__Activity__. The required output is the exact text of the lines from the line containing "this 2352×1568 image." through the final line below, inclusive, without pictures.
---
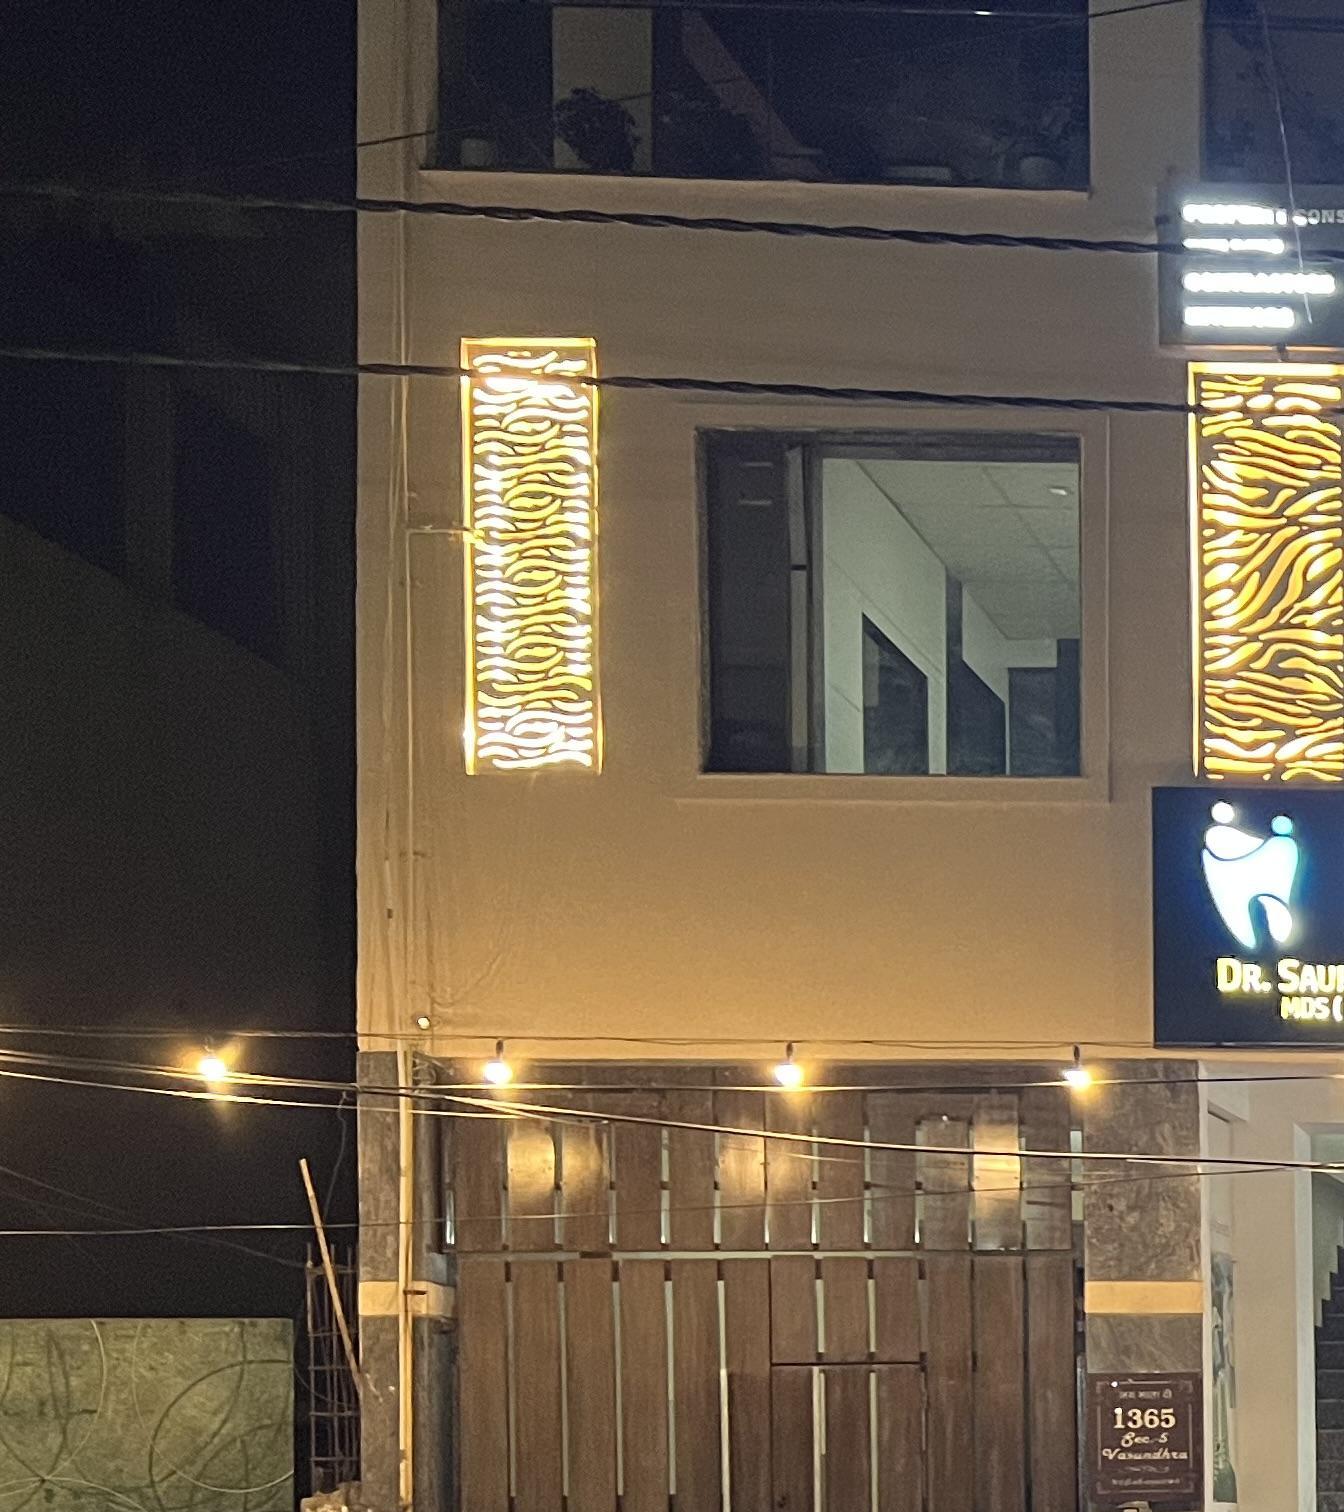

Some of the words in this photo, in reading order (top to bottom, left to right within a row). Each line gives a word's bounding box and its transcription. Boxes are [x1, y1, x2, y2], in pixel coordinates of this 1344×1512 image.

[1216, 957, 1271, 993] DR.
[1281, 996, 1330, 1020] MDS
[1113, 1407, 1176, 1429] 1365
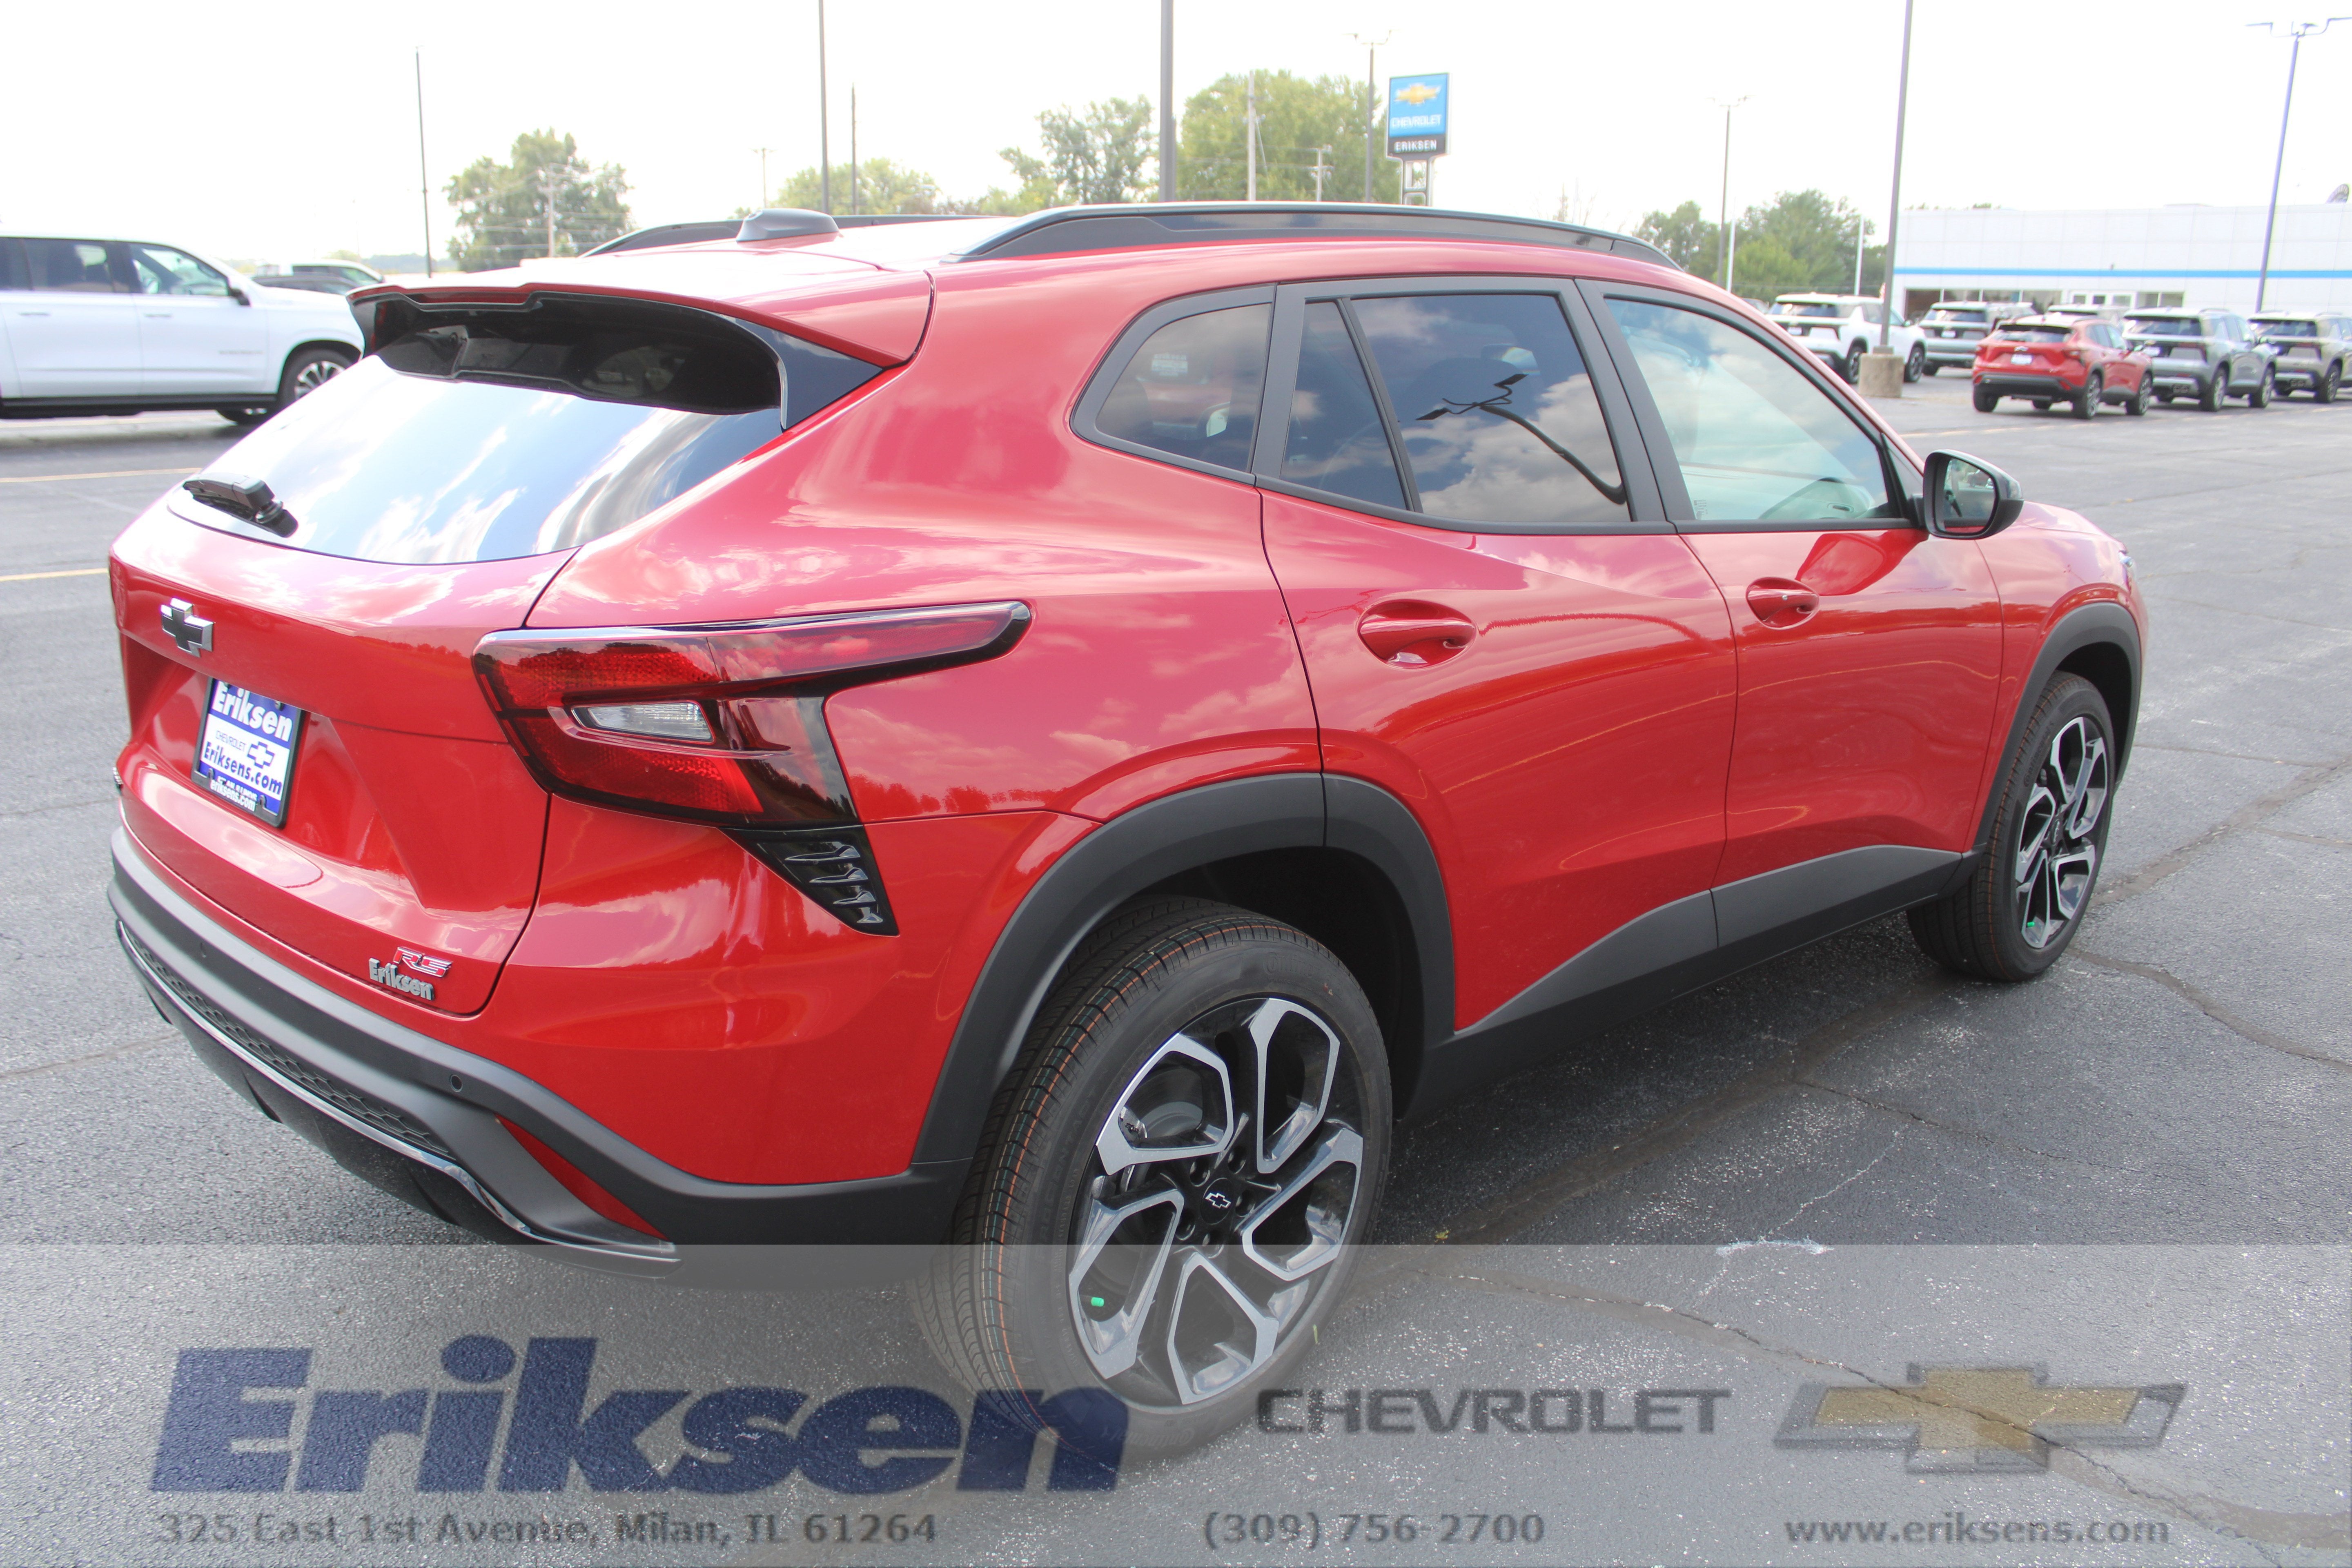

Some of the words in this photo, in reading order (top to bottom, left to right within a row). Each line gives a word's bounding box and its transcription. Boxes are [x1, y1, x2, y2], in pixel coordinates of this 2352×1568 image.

[1391, 114, 1441, 129] CHEVROLET
[1394, 140, 1437, 153] ERIKSEN
[212, 681, 293, 742] Eriksen
[216, 730, 246, 751] CHEVROLET
[204, 741, 282, 795] Eriksens.com
[210, 779, 256, 812] eriksens.com
[393, 946, 453, 978] RS
[368, 957, 436, 1001] Eriksen
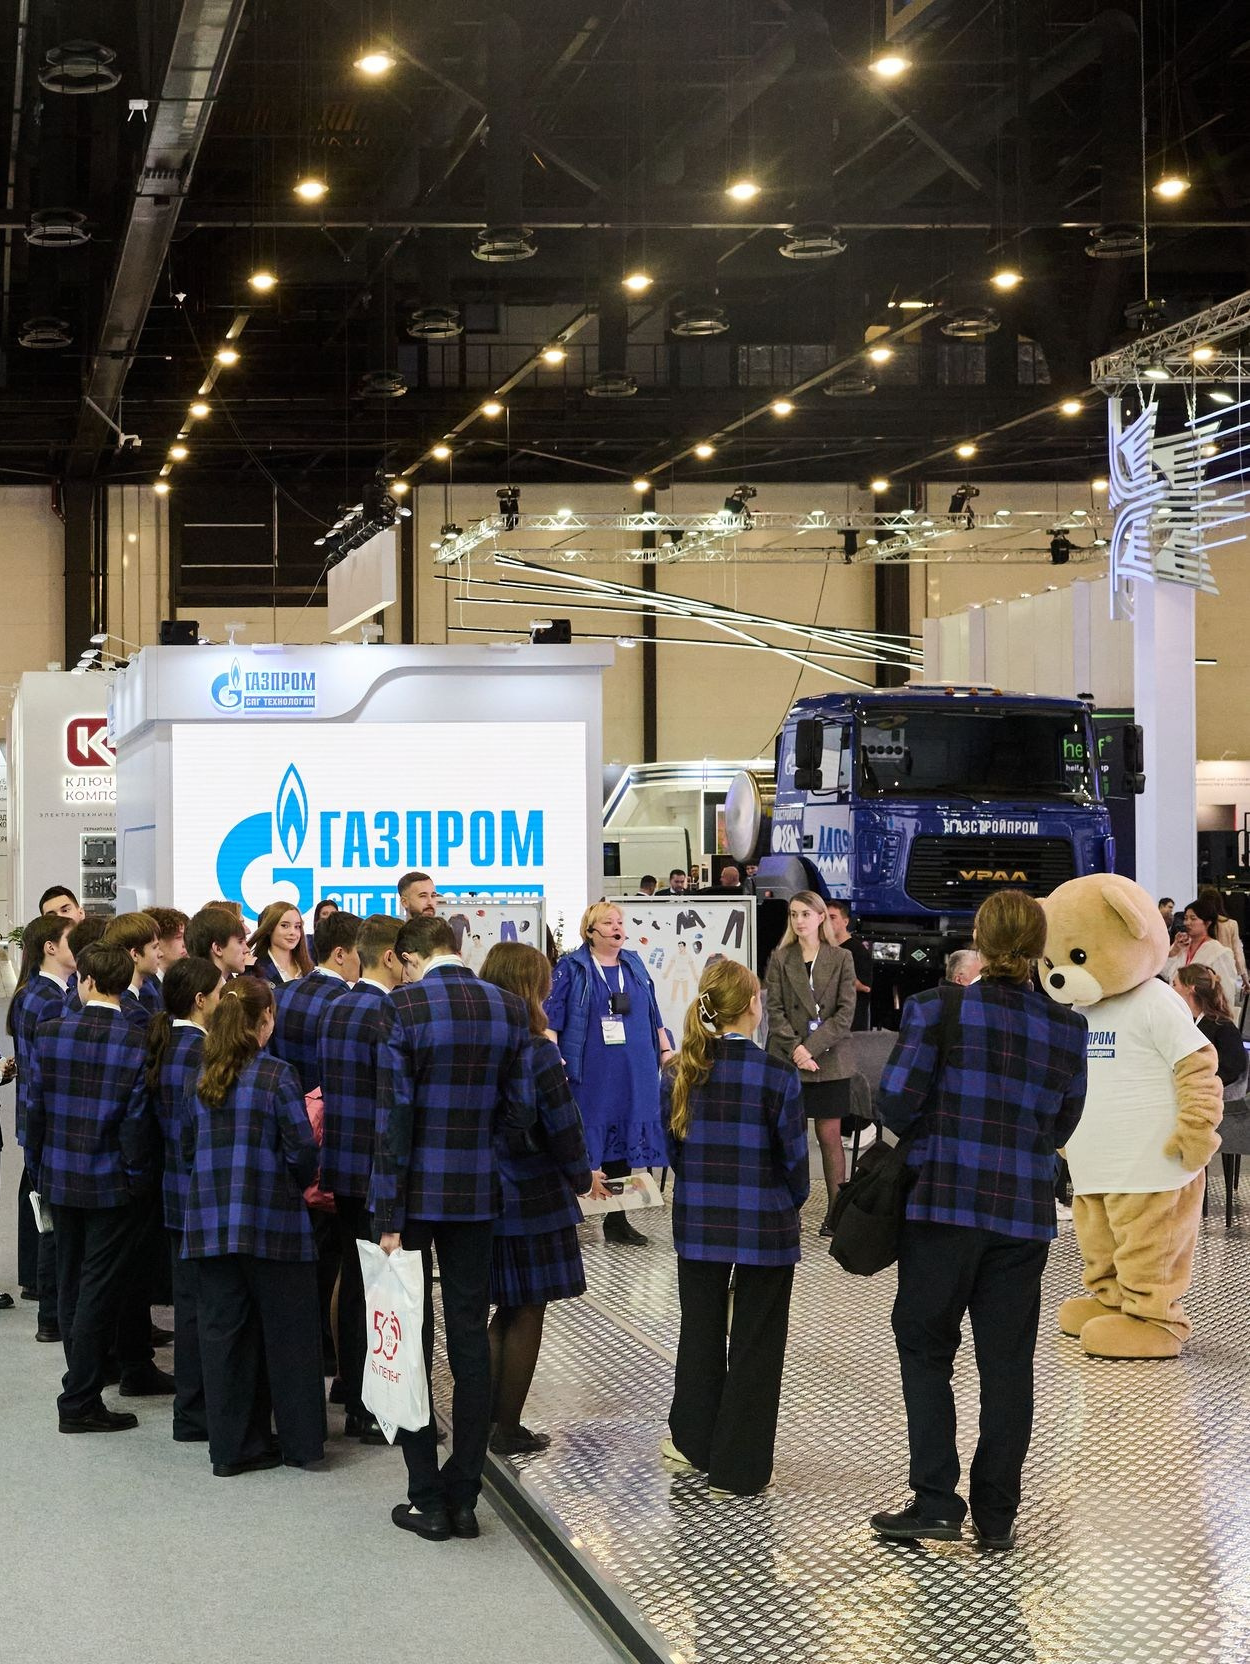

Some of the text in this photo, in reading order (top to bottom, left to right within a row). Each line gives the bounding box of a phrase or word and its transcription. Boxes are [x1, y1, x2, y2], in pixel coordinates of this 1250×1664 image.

[245, 672, 316, 691] ГАЗПРОМ
[245, 697, 314, 706] СПГ ТЕХНОЛОГИИ
[66, 777, 112, 787] КЛЮЧ
[66, 791, 116, 801] КОМПО
[949, 819, 1039, 835] ГАЗСТРОЙПРОМ
[320, 810, 544, 868] ГАЗПРОМ
[958, 870, 1029, 881] УРАЛ
---
__Response__.
Some of the words in this photo, in reading order (top to bottom, left to right within a row). Each line gives a word's bounding box and its transcription. Boxes are [x1, y1, x2, y2], in pixel coordinates of this 2352×1568 image.

[1391, 114, 1441, 129] CHEVROLET
[1394, 140, 1437, 153] ERIKSEN
[212, 681, 293, 742] Eriksen
[216, 730, 246, 751] CHEVROLET
[204, 741, 282, 795] Eriksens.com
[210, 779, 256, 812] eriksens.com
[393, 946, 453, 978] RS
[368, 957, 436, 1001] Eriksen

Some of the text in this photo, in reading order (top to bottom, left to right within a row). Each line gives the bounding box of a phrase or word and its transcription. Boxes are [x1, y1, x2, y2], in pixel coordinates of this 1250×1664 image.

[245, 672, 316, 691] ГАЗПРОМ
[245, 697, 314, 706] СПГ ТЕХНОЛОГИИ
[66, 777, 112, 787] КЛЮЧ
[66, 791, 116, 801] КОМПО
[949, 819, 1039, 835] ГАЗСТРОЙПРОМ
[320, 810, 544, 868] ГАЗПРОМ
[958, 870, 1029, 881] УРАЛ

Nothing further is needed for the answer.